In der Europäischen Union werden knapp 75 Prozent des Haushaltes für den Agrarbereich (Subventionen) und die Förderung des ländlichen Raumes (Entwicklungszuschüsse) ausgegeben. Über 80 Mrd. Euro pro Jahr mit einem stellenweise minimalen Nutzen. Nun ist die Chance Bioenergie da und die gesamten Erzeugerpreise steigen, so dass Bauern endlich einen auskömmlichen Deckungsbeitrag für Ihre Produkte erhalten. Hiermit sind die Bauern in der Lage, ein hochwertiges und begehrtes Endprodukt zu erstellen und so vom abhängigen Rohstofflieferanten zum gutbezahlten Erzeuger zu werden.

Eine radikale Wende und Befreiung, deren finanziellen Nutzen schon viele Bauern erkannt haben und zu Energiewirten wurden. Andere Landwirte, die Dr. Franz Alt auf der Grünen Woche 2000 noch für seinen Spruch „Landwirte werden die Ölscheichs des 21sten Jahrhunderts sein“ belächelt hatten, zögern zwar noch immer, trotzdem kann jeder immer noch auf den Zug der Zeit setzen.
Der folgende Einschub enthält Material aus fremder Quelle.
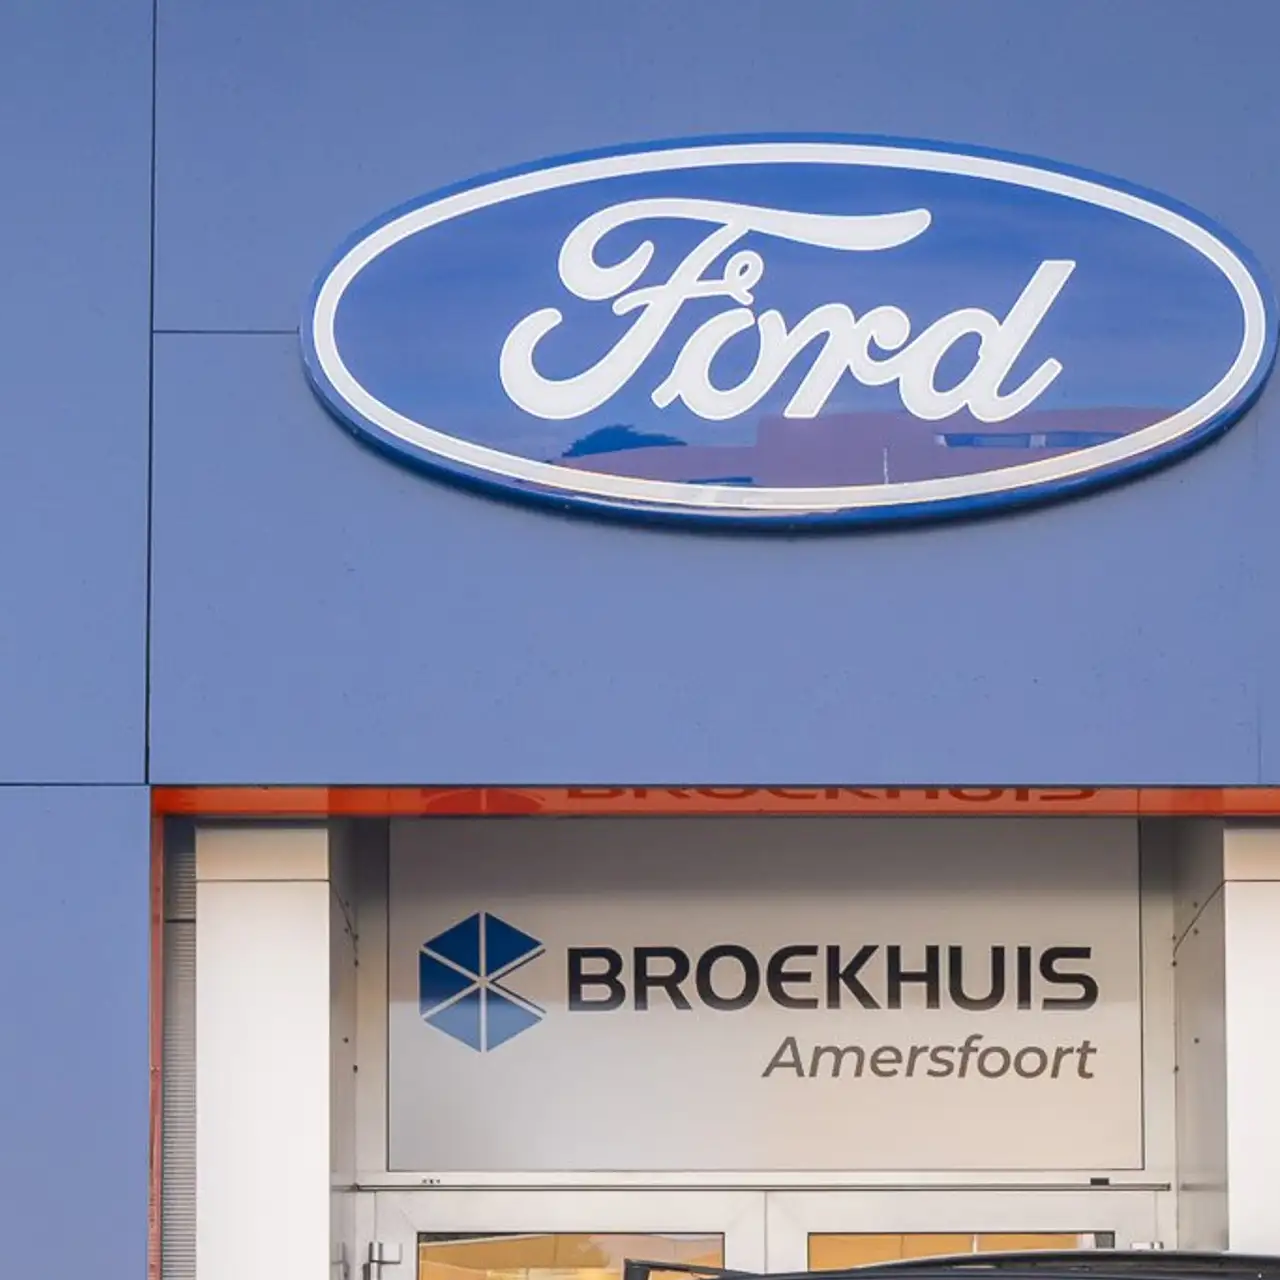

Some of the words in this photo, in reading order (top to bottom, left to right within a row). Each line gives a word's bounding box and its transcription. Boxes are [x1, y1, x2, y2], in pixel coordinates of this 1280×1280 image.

[499, 198, 1076, 423] Ford
[567, 944, 1099, 1011] BROEKHUIS
[761, 1033, 1098, 1080] Amersfoort
Spekulanten verschlafen Bioboom
Fest steht auf jedem Falle: Durch das EEG fließt endlich Geld in den ländlichen Raum und verbleibt hier mit qualifizierten Arbeitsplätzen. Die Flächen sind ebenfalls noch weitestgehend in Bauernhand. Hier haben erstmals die Landwirte gegenüber Immobilienfonds und Großinvestoren die Nase vorn. Diese Spekulanten haben bisher den Bioboom verschlafen und sich noch nicht der Ackerschollen bemächtigt. Eigentlich beruhigend, doch müssen nun alle auch bei steigenden Preisen die Nerven behalten.